The same results were witnessed in the year 2015 when the sale for all the tablets declined tremendously against the break-even points by 62.4%, 45.4% and 49% for X5, X6 and X7 respectively (Drury, 2011). These results show that the in the year 2012, the sales for X5 and X6 tablets were performing well and this contributed to profitability for the company. The same scenario was repeated in the year 2013 but this time the sales volume for X5 tablets declined slightly.
Nevertheless, in the year 2014 the sales and volumes of tablets declined tremendously and this continued to worsen in the year 2015 for X5 and X6 tablets (Cafferky, 2010). Although, the X7 tablet did not meet the break-even points in the years 2014 and 2015, it sales improved by around 15% in that period.

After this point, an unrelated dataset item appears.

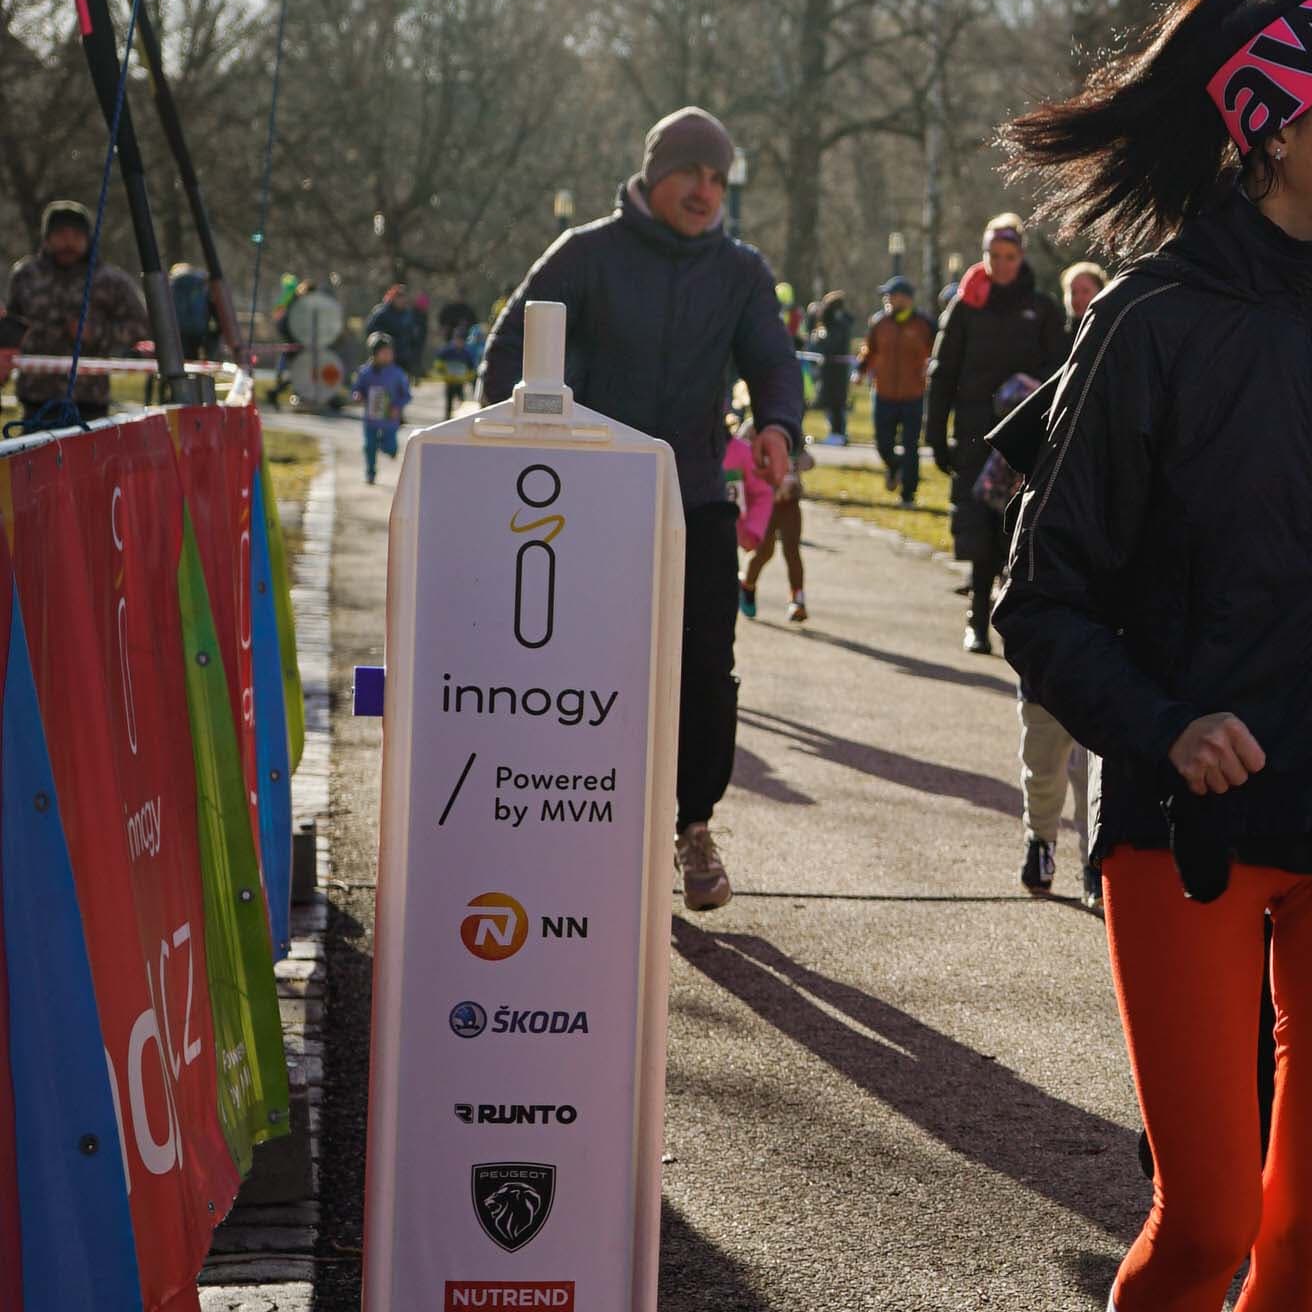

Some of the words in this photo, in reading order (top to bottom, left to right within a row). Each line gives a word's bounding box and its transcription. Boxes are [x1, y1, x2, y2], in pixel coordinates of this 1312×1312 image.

CVS analysis can be combined with other formulas such as return on assets and direct intellectual capital (Kinney, 2012). The popularity of the X7 brand should have initiated the company to spend more on its production while lowering the sale prices for X5 and X6 tablets in a move meant to get to the break-even point.
References
Cafferky, M. & Wentworth J. (2010). Breakeven Analysis: The Definitive Guide to Cost-Volume-Profit Analysis in Business. London: McGraw Hill Publishing.
Drury, C. (2011). Management and Cost Accounting. Boston, MA: Routledge.
Kinney, M. & Raiborn, C. (2012). Cost Accounting: Foundations and Evolutions, 9th ed.: Foundations. Chicago, IL: John Wiley and Sons.
Stice, J. & Swain, M. (2010). Accounting: Concepts and Applications: Concepts and Applications. New York, NY: Lippincott Williams & Wilkins.